## [YOUR INSTRUCTIONS]
The expected output is the line with "this 1920×1440 image." followed by every remaining line of the entries, all repeated exactly.

## [Saved entries]

------------------------

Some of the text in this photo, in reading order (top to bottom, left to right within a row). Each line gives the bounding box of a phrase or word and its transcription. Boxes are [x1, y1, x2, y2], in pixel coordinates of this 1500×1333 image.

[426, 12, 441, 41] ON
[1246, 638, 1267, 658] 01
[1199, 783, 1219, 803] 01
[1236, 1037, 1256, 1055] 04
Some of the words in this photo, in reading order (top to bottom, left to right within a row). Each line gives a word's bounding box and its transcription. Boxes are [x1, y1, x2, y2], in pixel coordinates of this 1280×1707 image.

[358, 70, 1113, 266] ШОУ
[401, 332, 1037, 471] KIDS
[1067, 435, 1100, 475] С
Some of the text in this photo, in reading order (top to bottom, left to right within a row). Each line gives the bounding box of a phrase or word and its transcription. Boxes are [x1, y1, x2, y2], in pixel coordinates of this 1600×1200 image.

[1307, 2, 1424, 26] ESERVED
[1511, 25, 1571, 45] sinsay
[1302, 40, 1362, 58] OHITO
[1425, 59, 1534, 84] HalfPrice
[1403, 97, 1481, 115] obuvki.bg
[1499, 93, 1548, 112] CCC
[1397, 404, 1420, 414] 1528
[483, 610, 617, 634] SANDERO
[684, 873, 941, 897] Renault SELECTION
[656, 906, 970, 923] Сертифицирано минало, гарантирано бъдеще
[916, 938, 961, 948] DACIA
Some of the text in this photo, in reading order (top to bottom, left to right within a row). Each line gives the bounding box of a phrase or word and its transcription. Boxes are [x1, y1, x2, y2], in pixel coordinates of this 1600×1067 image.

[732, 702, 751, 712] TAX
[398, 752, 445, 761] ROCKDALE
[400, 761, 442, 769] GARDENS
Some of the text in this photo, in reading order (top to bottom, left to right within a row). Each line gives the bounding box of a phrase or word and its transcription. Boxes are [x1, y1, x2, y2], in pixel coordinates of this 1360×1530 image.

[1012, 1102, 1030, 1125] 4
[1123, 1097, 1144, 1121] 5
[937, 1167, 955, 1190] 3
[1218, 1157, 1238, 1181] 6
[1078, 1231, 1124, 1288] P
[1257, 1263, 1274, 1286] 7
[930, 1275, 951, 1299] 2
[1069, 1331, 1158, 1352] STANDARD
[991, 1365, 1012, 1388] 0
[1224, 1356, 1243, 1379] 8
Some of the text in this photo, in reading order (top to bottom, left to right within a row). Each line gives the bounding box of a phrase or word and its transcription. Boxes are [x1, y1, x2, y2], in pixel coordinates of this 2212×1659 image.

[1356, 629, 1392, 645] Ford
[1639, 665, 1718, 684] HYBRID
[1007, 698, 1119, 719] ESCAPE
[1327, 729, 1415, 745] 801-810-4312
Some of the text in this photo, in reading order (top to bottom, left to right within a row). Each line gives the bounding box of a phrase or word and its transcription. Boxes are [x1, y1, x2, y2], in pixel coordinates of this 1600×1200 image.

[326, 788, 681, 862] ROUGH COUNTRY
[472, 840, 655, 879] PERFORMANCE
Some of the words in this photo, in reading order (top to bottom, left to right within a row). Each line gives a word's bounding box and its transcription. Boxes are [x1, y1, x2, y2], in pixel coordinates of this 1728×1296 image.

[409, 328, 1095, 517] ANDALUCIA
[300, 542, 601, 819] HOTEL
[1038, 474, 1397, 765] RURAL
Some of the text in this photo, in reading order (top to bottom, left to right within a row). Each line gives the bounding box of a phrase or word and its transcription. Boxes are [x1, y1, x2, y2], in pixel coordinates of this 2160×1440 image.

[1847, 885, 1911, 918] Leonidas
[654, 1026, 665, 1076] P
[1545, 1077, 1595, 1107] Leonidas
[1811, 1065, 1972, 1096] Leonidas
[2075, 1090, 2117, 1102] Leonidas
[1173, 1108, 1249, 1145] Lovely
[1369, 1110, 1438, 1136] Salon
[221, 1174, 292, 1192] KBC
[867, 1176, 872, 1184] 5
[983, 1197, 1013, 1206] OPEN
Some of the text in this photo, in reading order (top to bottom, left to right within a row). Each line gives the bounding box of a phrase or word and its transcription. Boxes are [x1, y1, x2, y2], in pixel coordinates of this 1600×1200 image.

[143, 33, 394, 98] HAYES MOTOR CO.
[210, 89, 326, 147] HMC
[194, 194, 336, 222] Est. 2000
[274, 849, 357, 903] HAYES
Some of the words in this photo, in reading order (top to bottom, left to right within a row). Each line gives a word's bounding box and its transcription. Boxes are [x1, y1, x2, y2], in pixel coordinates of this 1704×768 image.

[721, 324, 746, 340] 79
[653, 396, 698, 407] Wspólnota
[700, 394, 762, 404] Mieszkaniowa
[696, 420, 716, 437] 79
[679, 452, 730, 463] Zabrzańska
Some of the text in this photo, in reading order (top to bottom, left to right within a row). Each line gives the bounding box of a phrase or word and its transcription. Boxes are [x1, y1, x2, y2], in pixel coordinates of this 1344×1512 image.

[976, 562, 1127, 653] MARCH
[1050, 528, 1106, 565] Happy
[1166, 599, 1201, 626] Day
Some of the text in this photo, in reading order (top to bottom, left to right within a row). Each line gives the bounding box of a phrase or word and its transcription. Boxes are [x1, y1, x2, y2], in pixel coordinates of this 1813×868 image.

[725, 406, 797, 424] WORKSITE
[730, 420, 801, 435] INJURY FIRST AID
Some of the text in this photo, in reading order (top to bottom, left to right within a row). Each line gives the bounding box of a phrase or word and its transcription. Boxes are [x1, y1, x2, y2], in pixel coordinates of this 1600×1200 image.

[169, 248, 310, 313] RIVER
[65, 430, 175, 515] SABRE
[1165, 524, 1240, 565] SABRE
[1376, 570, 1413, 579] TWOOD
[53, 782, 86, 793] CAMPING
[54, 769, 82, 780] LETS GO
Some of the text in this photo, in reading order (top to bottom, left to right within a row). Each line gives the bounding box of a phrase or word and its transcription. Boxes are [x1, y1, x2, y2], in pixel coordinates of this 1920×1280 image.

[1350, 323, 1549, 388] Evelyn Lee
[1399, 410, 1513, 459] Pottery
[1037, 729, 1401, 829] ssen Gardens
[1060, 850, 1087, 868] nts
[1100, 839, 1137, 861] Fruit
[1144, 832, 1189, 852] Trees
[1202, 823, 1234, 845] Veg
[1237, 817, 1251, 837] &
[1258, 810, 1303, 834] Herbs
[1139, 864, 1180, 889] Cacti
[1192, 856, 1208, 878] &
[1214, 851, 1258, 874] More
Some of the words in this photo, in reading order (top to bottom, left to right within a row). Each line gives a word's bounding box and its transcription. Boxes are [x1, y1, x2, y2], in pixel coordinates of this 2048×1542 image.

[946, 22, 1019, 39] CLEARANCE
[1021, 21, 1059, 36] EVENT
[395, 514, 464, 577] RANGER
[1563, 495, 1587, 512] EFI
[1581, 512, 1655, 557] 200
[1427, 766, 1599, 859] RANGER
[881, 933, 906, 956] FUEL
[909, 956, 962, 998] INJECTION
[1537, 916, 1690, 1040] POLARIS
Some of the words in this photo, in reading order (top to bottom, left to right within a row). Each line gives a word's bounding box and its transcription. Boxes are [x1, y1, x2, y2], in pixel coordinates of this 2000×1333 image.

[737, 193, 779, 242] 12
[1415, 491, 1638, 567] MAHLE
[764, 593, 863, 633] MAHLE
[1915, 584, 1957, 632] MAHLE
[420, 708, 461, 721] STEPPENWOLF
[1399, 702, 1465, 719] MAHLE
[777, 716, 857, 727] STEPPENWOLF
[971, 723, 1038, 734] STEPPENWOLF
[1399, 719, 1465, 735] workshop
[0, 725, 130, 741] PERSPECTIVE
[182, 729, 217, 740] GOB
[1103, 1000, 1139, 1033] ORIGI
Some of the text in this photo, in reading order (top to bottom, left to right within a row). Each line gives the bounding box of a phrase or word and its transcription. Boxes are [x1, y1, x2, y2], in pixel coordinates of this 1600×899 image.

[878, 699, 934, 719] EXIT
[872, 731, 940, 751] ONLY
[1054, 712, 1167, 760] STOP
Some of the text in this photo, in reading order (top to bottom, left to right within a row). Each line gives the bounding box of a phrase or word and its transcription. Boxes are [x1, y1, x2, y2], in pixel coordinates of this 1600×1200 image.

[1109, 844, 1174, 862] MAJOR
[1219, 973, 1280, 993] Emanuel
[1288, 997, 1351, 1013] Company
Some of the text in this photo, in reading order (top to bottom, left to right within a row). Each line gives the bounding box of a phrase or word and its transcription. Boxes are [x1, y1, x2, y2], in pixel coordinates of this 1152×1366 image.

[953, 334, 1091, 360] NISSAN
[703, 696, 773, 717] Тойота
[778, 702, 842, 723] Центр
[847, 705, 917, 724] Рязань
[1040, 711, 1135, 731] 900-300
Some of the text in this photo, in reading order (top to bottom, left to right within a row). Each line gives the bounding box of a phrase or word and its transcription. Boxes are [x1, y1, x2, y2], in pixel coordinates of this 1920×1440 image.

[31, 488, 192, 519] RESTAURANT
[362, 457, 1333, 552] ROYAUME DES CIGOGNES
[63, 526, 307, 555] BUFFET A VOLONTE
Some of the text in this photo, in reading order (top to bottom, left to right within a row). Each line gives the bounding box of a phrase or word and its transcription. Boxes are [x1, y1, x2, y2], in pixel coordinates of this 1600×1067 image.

------------------------

## [YOUR RESPONSE]
Some of the text in this photo, in reading order (top to bottom, left to right within a row). Each line gives the bounding box of a phrase or word and its transcription. Boxes are [x1, y1, x2, y2], in pixel coordinates of this 1920×1440 image.

[31, 488, 192, 519] RESTAURANT
[362, 457, 1333, 552] ROYAUME DES CIGOGNES
[63, 526, 307, 555] BUFFET A VOLONTE
Some of the text in this photo, in reading order (top to bottom, left to right within a row). Each line gives the bounding box of a phrase or word and its transcription. Boxes are [x1, y1, x2, y2], in pixel coordinates of this 1600×1067 image.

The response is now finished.